Dans sa région d’origine, la connaissance de ses vertus médicinales est très ancienne. Aujourd’hui encore, ses feuilles fraîches y sont utilisées pour le traitement de toutes sortes de plaies, en présence d’inflammation en particulier. Ces possibilités d’utilisation repose entre autres sur l’effet antibiotique de l’huile de moutarde contre les virus, bactéries et levures et pour le renforcement du système immunitaire. En vertu de ces propriétés, la capucine est également utilisée en Europe contre les maladies infectieuses au niveau des reins, des voies urinaires et respiratoires, ainsi que pour la stimulation des défenses immunitaires.
En médecine populaire, ses feuilles fraîches sont intégrées aux salades de printemps pour la purification du sang ou, comme au Pérou, utilisées en tant que pansement rafraîchissant.

Effets secondaires
Abuser des bonnes choses est rarement sain. La consommation des feuilles fraîches de la capucines doit faire l’objet de certaines précautions : une ingestion démesurée peut entraîner des irritations au niveau de l’estomac, des intestins et des reins. Dans les produits thérapeutiques préparés avec précision, cependant, les effets secondaires ne sont pas à craindre. Il est cependant bon de noter que la consommation de capucine tend à réduire la tolérance à l’alcool.

A savoir

Le nom de la capucine décrit à la fois son apparence et sa nature : avec son éperon, sa fleur rappelle en effet la capuche des moines capucins. Son autre nom populaire de « cresson » provient du latin crescere, signifiant « croître » : le cresson est connu pour sa croissance rapide. Son nom scientifique, quant à lui, est issu du latin tropaeum, terme imagé se référant à une plante chargée d'armes. Cette métaphore repose sur l’assimilation des feuilles à des boucliers et des fleurs et des fleurs à des heaumes.

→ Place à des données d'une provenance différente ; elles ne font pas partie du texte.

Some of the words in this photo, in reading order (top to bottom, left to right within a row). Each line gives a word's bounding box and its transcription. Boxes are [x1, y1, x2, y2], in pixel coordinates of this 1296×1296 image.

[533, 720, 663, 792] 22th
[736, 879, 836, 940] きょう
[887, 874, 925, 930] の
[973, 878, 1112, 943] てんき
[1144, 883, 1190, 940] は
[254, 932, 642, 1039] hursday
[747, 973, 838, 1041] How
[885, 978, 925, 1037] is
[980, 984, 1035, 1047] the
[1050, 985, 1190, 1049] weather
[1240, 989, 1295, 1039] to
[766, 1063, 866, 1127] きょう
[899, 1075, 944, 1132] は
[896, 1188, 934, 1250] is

Importée en Europe en 1684, la capucine a longtemps été utilisée en plante ornementale, avant d’être intégrée aux salades de printemps en vertu de ses propriétés purificatrices pour le sang. Ses boutons et jeunes semences, agrémentées de vinaigre, peuvent également être utilisées en substitut aux câpres.

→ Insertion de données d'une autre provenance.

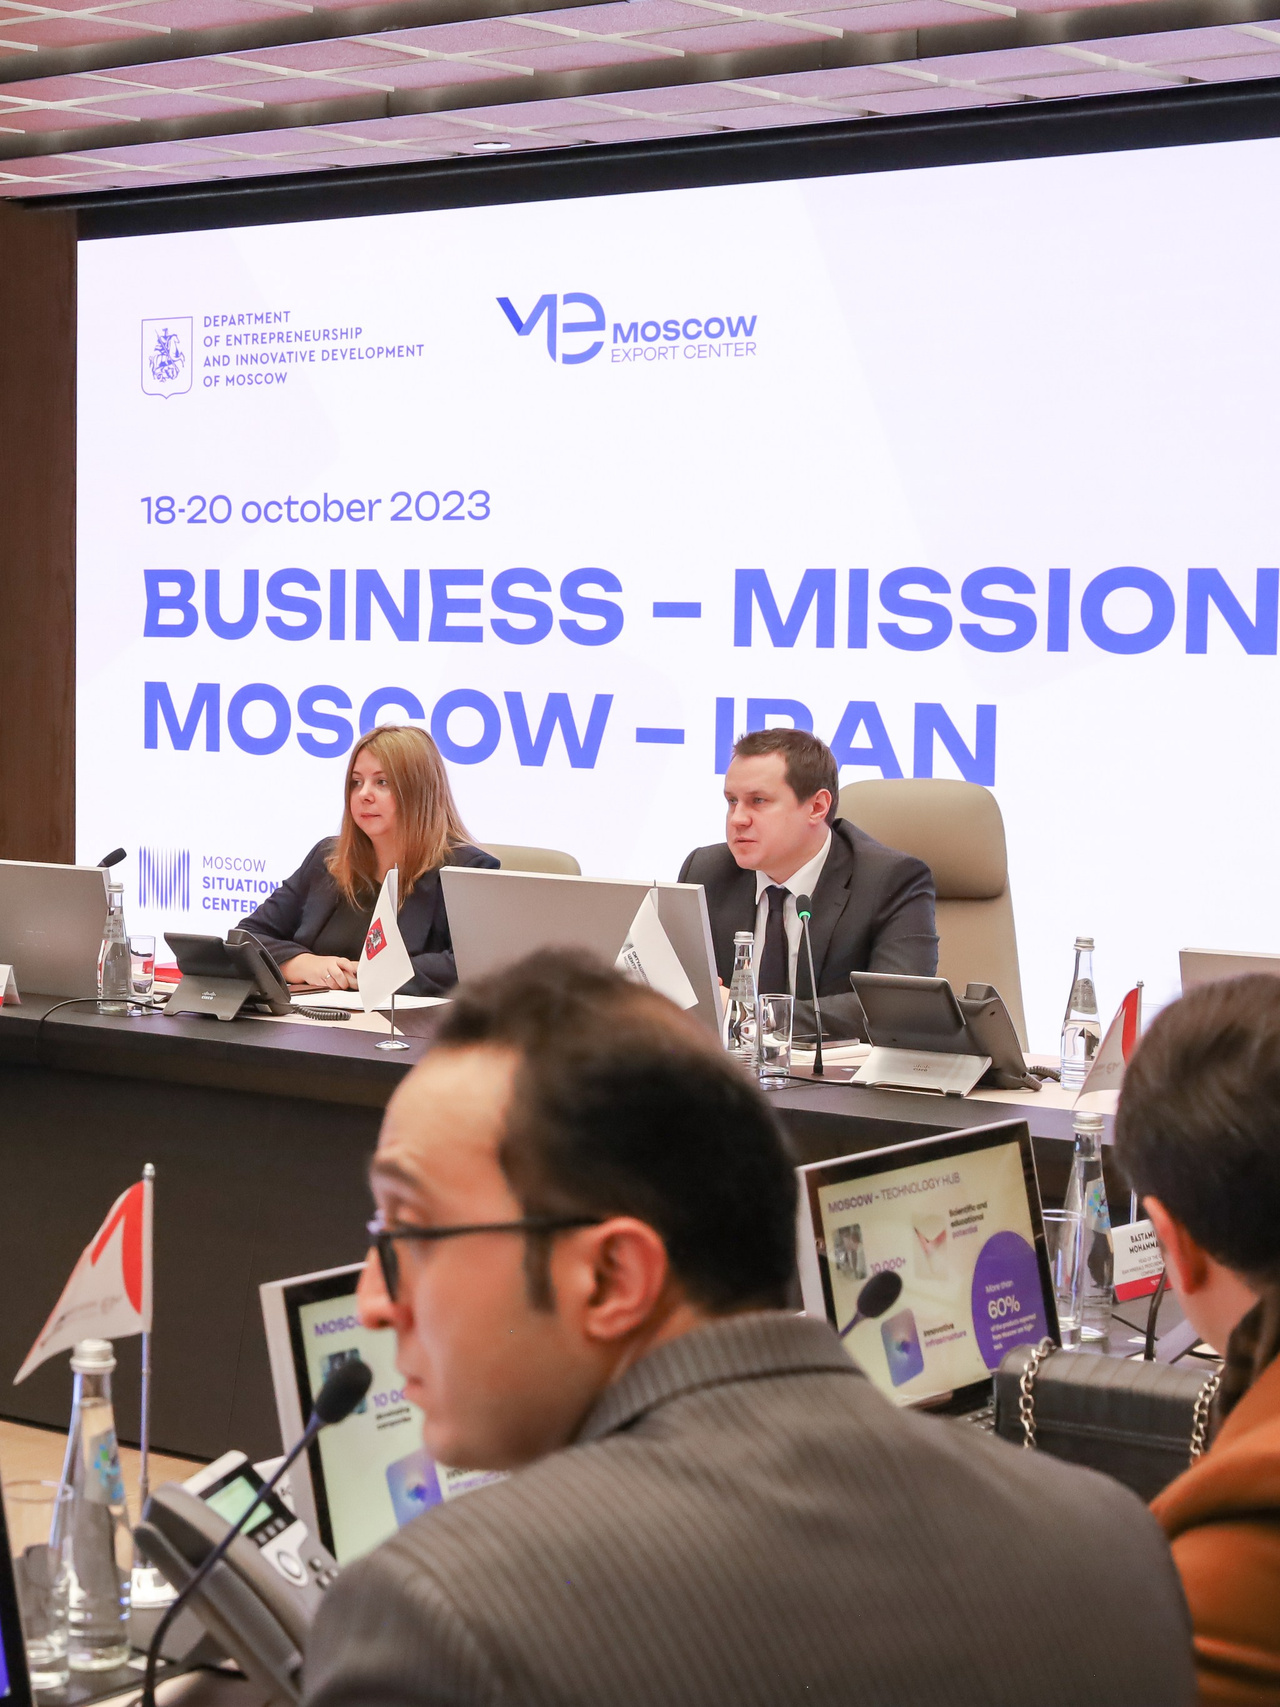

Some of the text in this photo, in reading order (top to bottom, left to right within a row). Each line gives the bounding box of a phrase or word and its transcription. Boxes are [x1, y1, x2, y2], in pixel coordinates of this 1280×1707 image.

Dans sa région d’origine, la capucine est pollinisée par les colibris, qui plongent leur long bec dans le profond éperon afin de se délecter du savoureux nectar qu’il contient.

La capucine semble réunir en elle des contraires incompatibles. Les feuilles grasses, liées à la terre, sont une forte expression des éléments aquatiques. Les fleurs qui coiffent la plante,

telles de petites couronnes de feu, compagnes de jeu du colibri, présentent quant à elles un aspect davantage aérien. Avec toutes ses cellules remplies d'une solution aqueuse de l’huile de moutarde, composé sulfureux et enflammé, la capucine réunit l’eau et le feu au plus profond d’elle-même. Cette dualité transparaît jusqu’à l’extérieur : dans sa région d’origine, tropicale et torride, elle pousse toujours à proximité des cours d’eau.

Par ingestion, la capucine agit sur les poumons, les reins, la vessie et les organes les plus fortement associés à l’air et à l’eau. Son harmonieuse combinaison de contraires semble lui conférer un effet équilibrant. Elle agit également sur les peaux acnéiques, lorsque la surproduction de la glande sébacée, par réaction, et le durcissement et l’obstruction des pores, par contre-réaction, tendent à déformer la structure cutanée. Ayant appris à réfréner l’élément du feu, la capucine est à même d’apporter un effet équilibrant sur la peau.